Amici curiae on the side of Apple – Crocs, Cleveland Golf, and Nike, argue that the statute makes sense in the modern world because apportionment of those earnings is impracticable and that disgorgement deters copycat designers. Defendant Samsung and its supporting amici – Dell, Facebook, and Google, warn that this “whole profits” approach undermines innovation in complex technological products and their components.

To get around what might appear to be the clear language in the statute, Samsung and the Solicitor General argued that “article” can mean part of the defendant’s product. In a move that surprised many, Apple generally agreed with this approach, but maintained that it was for Samsung to show that was so.

Most of the discussion at oral argument was about how to achieve apportionment. Justices quizzed the parties on how the rule would operate in practice, particularly with multicomponent devices. They did not seem comfortable with some of the answers given.

“Article of manufacture”

The provision arose in response to instances where owners of carpet designs received nominal damages because courts could not distinguish the value of the patented design from the carpet. The provision provided an equitable remedy to protect designers by setting a floor for recovery of $250, and a ceiling “to the extent of [the infringer’s] total profit.”

The House Report on the Act stated that the provision was directed at cases where “it is the design that sells the article” and thus the profit from that article “is not apportionable.” In such cases, “[i]t is expedient that the infringer’s entire profit on the article should be recoverable.” That Report also compared the design right to a trademark right as a means of recovering investment in goodwill.

Refrigerators with infringing door latches that were not sold separately entitled the design owner to only the $250 statutory minimum. An infringed piano case design does not give its owner rights to the profits of the whole piano, because the subject of the patent was the piano case.

All this means is that full disgorgement of profits should only apply where the designs are inseparable from the articles, where the design, article, and product are coextensive. The Court should not get too bogged down in search of a test. Mathematical precision is not required as along as the amount reasonably approximates profits derived from the infringement. A remedy with a floor and ceiling means the amount can be titrated once owners to prove their designs sold the accused products. Infringers should keep what they can show they deserve.

[Supreme-Court]

A Job for the Court, Not Congress

The Supreme Court need not wait for Congress to act. This is a case of first impression in interpreting the provision. Design owners should be made whole, but not unjustly enriched. Awarding the infringer’s total profits regardless of the contribution of the design to the end product’s value subverts patent law’s mandate to promote technological progress.

A broad reading of the provision dampens the incentive to create derivative designs. Those designs would necessarily invoke the original design, forcing the infringer to hand over all the profits from the derivative work. Further, unlike copyright law, patent infringement does not require any intention to copy. If disgorgement is required to deter copying, that assertion must be empirically proven.
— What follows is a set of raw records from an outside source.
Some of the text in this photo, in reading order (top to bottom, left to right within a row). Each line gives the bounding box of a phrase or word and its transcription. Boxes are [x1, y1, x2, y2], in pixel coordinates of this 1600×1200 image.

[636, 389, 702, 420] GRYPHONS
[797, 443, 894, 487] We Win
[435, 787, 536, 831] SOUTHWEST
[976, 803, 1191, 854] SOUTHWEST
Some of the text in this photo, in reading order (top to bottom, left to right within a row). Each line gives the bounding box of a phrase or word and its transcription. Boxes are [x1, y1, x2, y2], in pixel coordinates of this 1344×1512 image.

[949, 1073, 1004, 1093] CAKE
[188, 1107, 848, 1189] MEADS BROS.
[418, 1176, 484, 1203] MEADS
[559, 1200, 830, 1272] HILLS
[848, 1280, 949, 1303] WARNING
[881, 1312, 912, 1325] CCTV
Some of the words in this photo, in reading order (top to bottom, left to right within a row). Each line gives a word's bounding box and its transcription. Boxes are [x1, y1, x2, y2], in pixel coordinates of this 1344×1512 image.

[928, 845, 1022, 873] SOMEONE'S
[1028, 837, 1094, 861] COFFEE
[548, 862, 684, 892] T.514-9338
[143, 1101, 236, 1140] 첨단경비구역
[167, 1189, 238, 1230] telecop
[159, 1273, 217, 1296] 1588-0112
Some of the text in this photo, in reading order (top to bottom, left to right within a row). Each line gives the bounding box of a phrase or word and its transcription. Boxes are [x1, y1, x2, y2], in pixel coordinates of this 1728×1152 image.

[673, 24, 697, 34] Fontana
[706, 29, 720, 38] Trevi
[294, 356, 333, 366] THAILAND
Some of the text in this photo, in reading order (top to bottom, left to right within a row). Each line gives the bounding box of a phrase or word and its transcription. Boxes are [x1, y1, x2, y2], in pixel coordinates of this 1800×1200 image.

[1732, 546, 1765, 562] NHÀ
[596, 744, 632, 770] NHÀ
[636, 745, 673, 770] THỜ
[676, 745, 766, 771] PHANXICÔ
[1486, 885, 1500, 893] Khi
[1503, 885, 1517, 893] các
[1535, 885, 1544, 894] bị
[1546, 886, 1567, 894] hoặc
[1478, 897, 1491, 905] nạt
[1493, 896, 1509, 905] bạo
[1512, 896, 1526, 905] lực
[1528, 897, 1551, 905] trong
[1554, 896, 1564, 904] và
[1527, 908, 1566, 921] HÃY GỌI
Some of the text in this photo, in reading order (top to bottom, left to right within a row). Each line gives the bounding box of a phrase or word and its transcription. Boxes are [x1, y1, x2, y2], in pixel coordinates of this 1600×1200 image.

Some are concerned was that it will be costlier for small companies to defend against copying by bigger companies. That cost is overstated. While expert testimony and consumer surveys may be needed in some cases, in others, the article may be sufficiently simple so that a determination can be properly made by the court without it. Utility patent owners routinely manage. Their experience should prove instructive.

In an age where functional features routinely pass muster as “ornamental,” partial claims can ensnare multicomponent parts, and infringement is triggered by an overall impression, the nuclear option of disgorgement on increasingly lucrative end-products must be closely guarded by the courts.

To conclude, if the iPhone’s iconic appearance was misappropriated, Apple should be compensated, but it need not necessarily receive all of Samsung’s profits for its smartphones. The rule is one of convenience – to provide restitution where normal legal remedies were inadequate to aid the designer. It would turn equity on its head to enrich a designer no matter how insignificant its design contributed to the value of the end product. The provision is common sense by design.

EDITORIAL NOTE: Updated Monday, October 17, 2016 at 9:58 am.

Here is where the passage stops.